Equity Linked Savings Scheme (ELSS) has a lock-in period of 3 years. It is the shortest lock-in period compared to other tax-saving schemes. Be it Linked Insurance and National Pension schemes. ELSS is also known to offer better returns over the long term compared to investment instruments falling under Section 80C.
Seven golden tips to maximize ELSS returns
ELSS returns are market-linked, and hence, it can be difficult to predict your returns. However, there are certain parameters that you can consider in order to maximise your returns. Let’s look at these below:
Make use of the short lock-in period that ELSS offers. While ELSS funds have a lock-in period of three years, they also offer higher returns than other tax-saving options. Investing in ELSS as a part of your tax planning regime can help you save up to over ₹ 46,000 in tax.
Worried about lumpsum investment? You can opt for a SIP in an ELSS scheme for long-term savings. After completing the 36-month (3-year) lock-in period, start a Systematic Withdrawal Plan (SWP) from the 37th month.
The withdrawal plan can be altered as per different ELSS schemes. Since the ELSS lock-in period ends at three years, you can withdraw the number of units purchased three years ago.
Using this smart tip, you can make your ELSS investments self-sustaining without investing from your income. The first-month amount is withdrawn in the 37th-month ELSS investment. This is done without moving your budget for new investments.
ELSS funds are a tax-saving strategy. They enable the investors to sell the units of the funds that have increased in value. This helps investors realize a gain of up to ₹1 lakh, a sum exempt from tax. This strategy also stops the profit amount from exceeding 1 lakh as that leads to 10% taxation.
Investors can use these profits to repurchase new units to maintain the position of their ELSS fund. The lock-in period of ELSS indicates that an investor cannot redeem the unit profits before three years of the allotment date.
You can align your ELSS investment with mid-term financial goals for maximised profits. Predetermine your financial goals and plan your investment strategy accordingly. Start by noting down your plans three years down the line, additionally outline the monetary requirement. Next, plan your Systematic Withdrawal Plan (SWP) to get the desired funds once your lock-in period ends.
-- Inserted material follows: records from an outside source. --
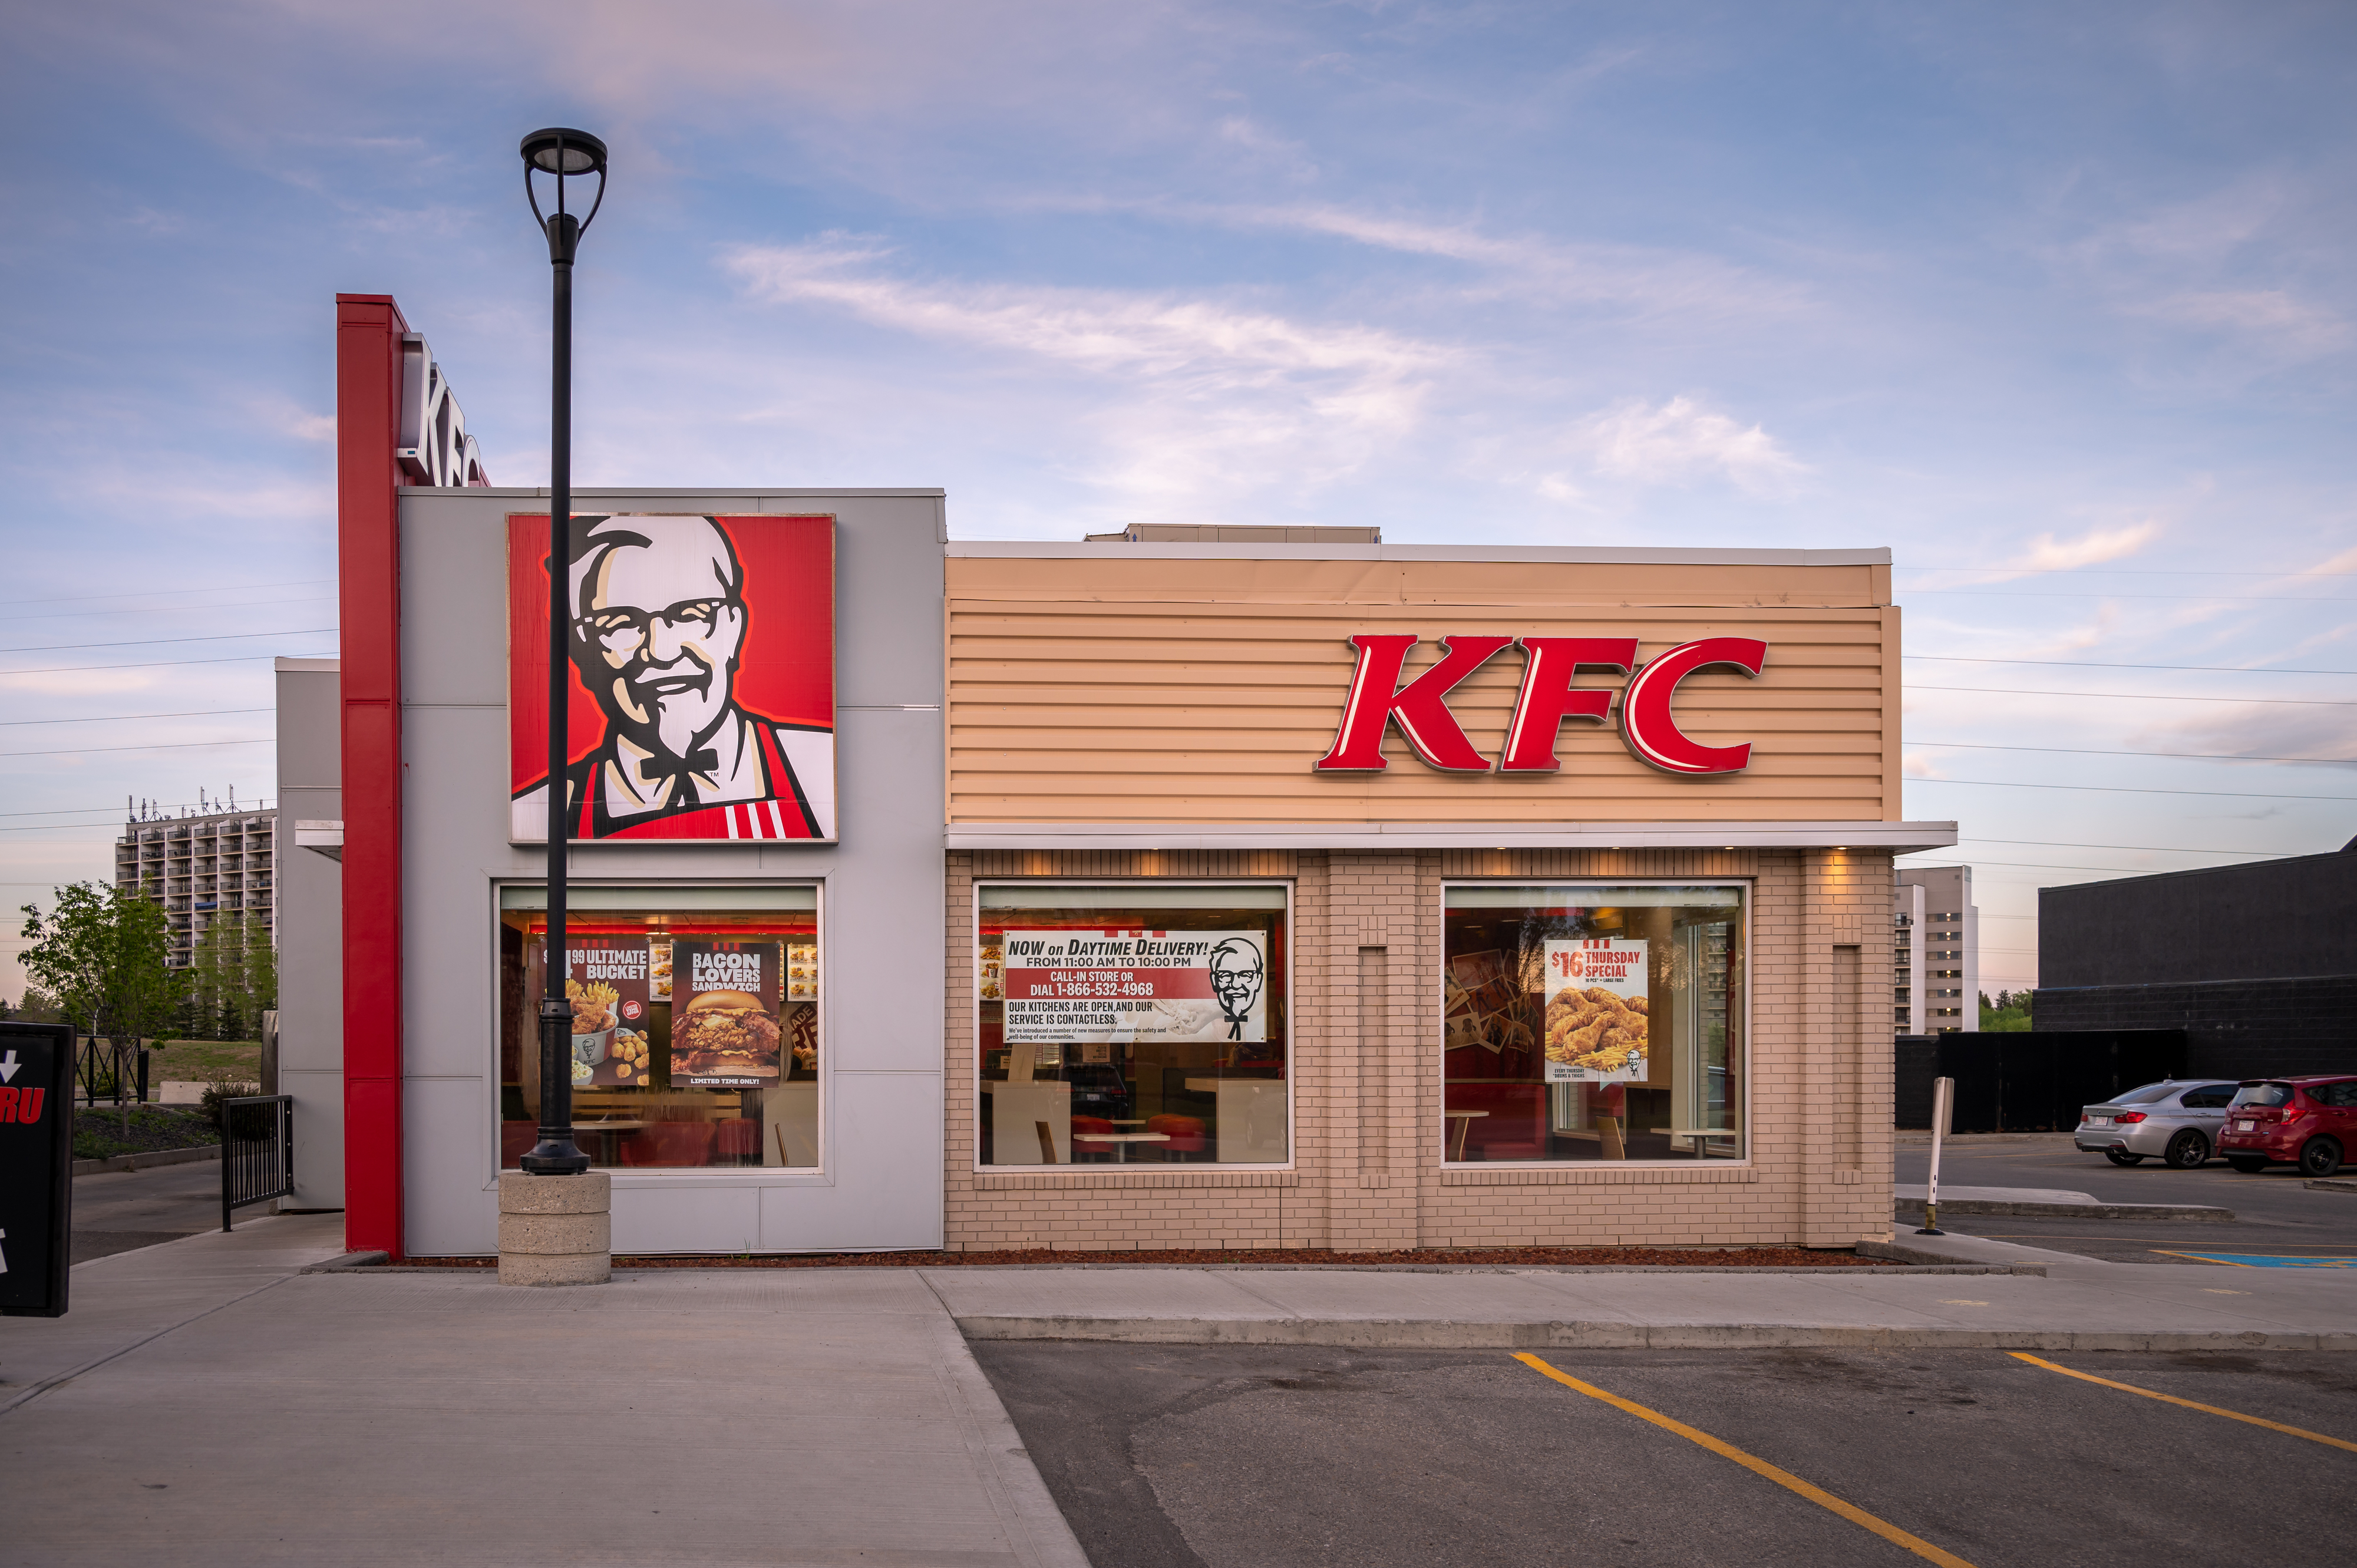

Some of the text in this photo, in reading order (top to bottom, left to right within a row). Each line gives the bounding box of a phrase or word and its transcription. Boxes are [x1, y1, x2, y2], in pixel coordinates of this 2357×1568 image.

[1312, 634, 1767, 774] KFC
[1008, 939, 1209, 956] NOW on DAYTIME DELIVERY!
[586, 949, 646, 964] ULTIMATE
[692, 953, 760, 969] BACON
[1026, 958, 1191, 967] FROM 11:00 AM TO 10:00 PM
[1551, 951, 1640, 977] $16 THURSDAY
[1585, 965, 1627, 977] SPECIAL
[586, 965, 646, 979] BUCKET
[692, 968, 760, 982] LOVERS
[1050, 971, 1134, 982] CALL-IN STORE OR
[692, 982, 760, 992] SANDWICH
[1031, 982, 1154, 996] DIAL 1-866-532-4968
[1009, 1002, 1026, 1012] OUR
[1029, 1002, 1070, 1012] KITCHENS
[1072, 1002, 1089, 1012] ARE
[1135, 1002, 1153, 1012] OUR
[1009, 1014, 1117, 1024] SERVICE IS CONTACTLESS.
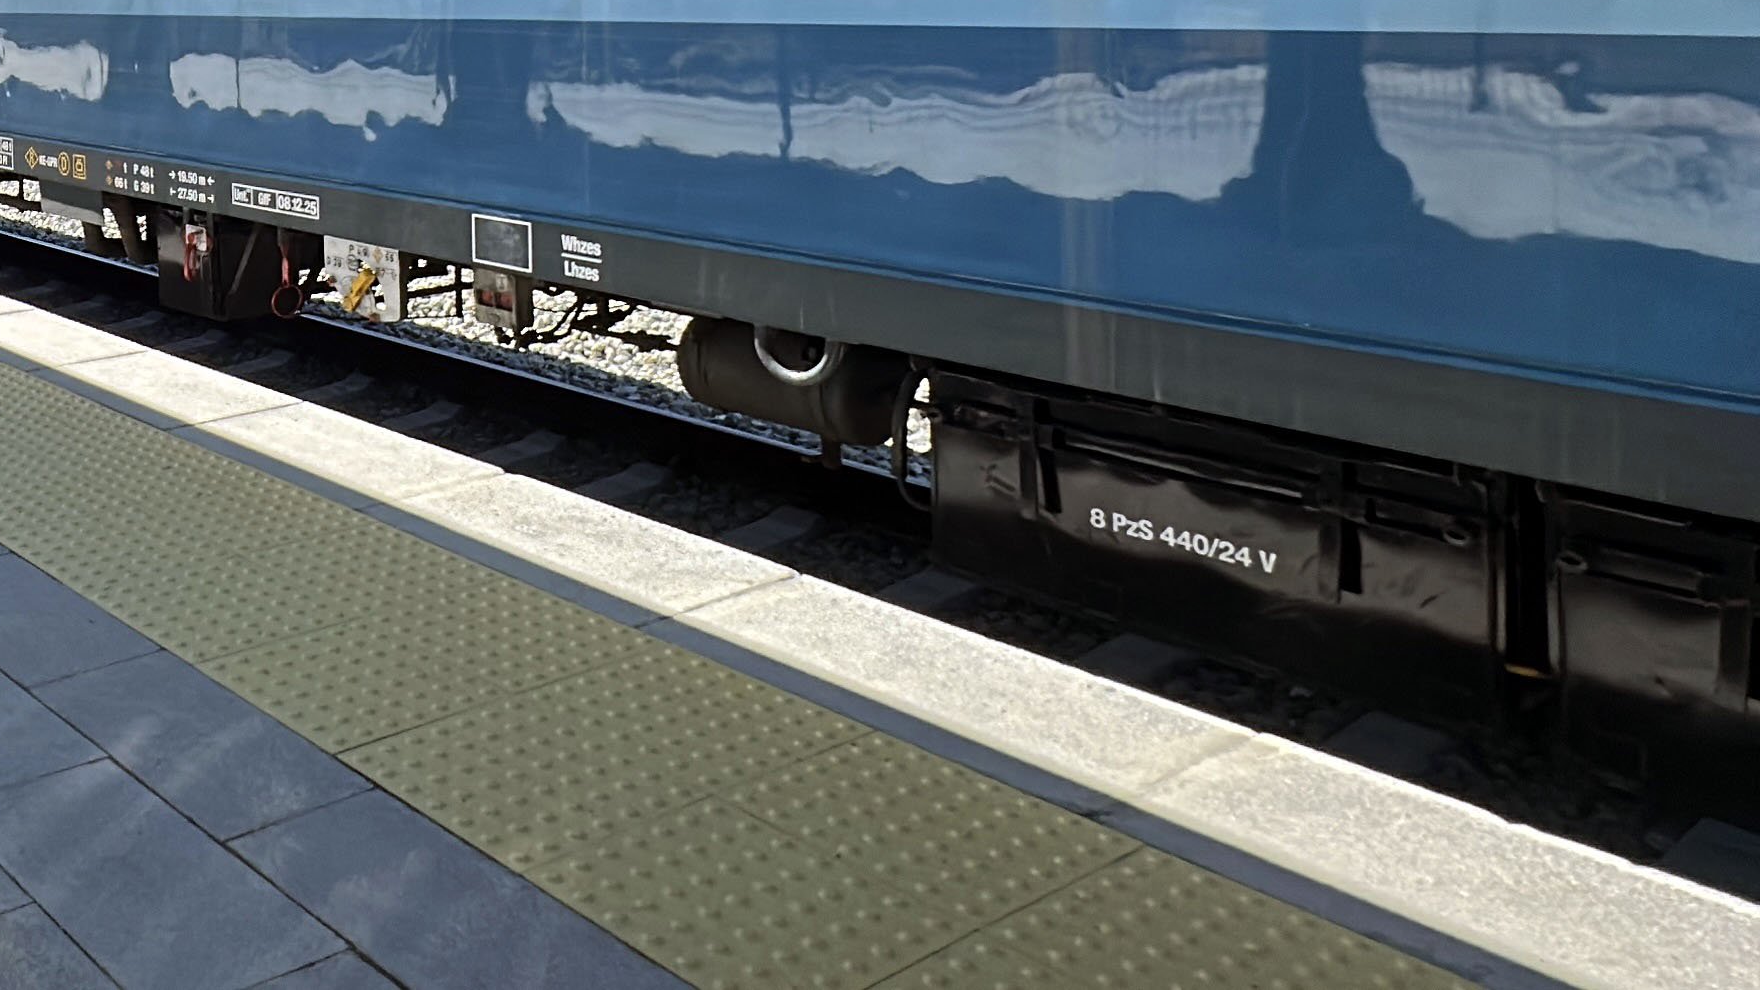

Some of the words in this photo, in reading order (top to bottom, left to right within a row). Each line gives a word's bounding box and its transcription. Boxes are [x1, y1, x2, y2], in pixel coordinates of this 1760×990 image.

[133, 163, 139, 175] P
[177, 170, 198, 185] 19.50
[198, 175, 206, 186] m
[177, 186, 198, 202] 27.50
[198, 192, 206, 203] m
[561, 233, 602, 257] Whzes
[563, 260, 600, 282] Lhzes
[1090, 508, 1106, 529] 8
[1112, 512, 1154, 541] PzS
[1159, 525, 1253, 568] 440/24
[1259, 549, 1277, 574] V
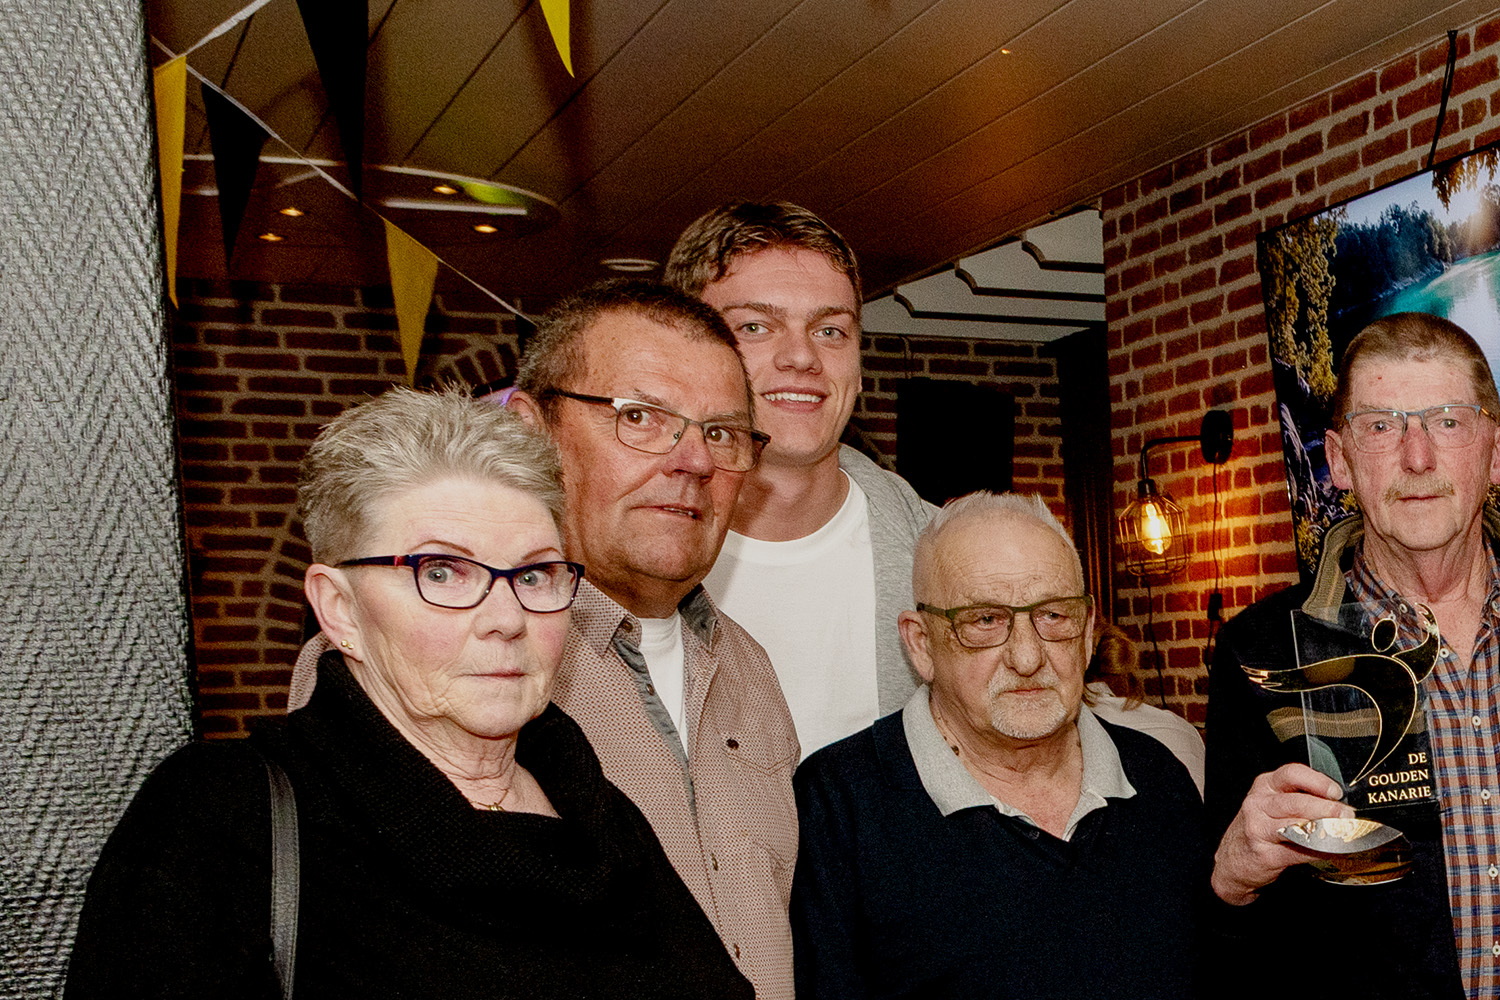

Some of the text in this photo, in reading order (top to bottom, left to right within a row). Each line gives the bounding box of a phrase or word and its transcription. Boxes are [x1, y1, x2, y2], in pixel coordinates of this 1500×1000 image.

Invest in the best ELSS mutual fund to benefit from maximum returns. These returns are based on historical data of the last five to ten years, the track record of the mutual fund, and the fund manager's expertise. It also depends on the expense ratio, risk measures, and portfolio allocation.
Studying these aspects helps choose a profitable ELSS fund. You can also use these parameters to compare similar ELSS mutual fund schemes.
It is ideal to invest in an ELSS fund through SIP. But you must know that every SIP will be locked in for three years from the investment date.
Let’s understand this concept with an example. If A starts a SIP of ₹2000 every month from June 2020 for one year, the first instalment will be locked in till June 2023. This has to be a well-thought-through decision since the money will not be available for the specified period of time.
Investors must make informed decisions without being affected by only the short-term performance of mutual funds. Factors like the fund’s performance history, consistency, and stability must be considered. Remember, long-term investments typically equals more gains.
Conclusion
The new tax regime makes ELSS look like an average investment instrument. But, what matters is that ELSS has helped investors achieve their financial aims with its profitable nature. ELSS also offers better returns than instrument tools like fixed deposits and bonds. Investing in ELSS funds offers stable investment portfolio profits and a varied portfolio. You may also consider investing in a life insurance policy, here, you have the combination of protection and savings, and the risk factor is also taken care of.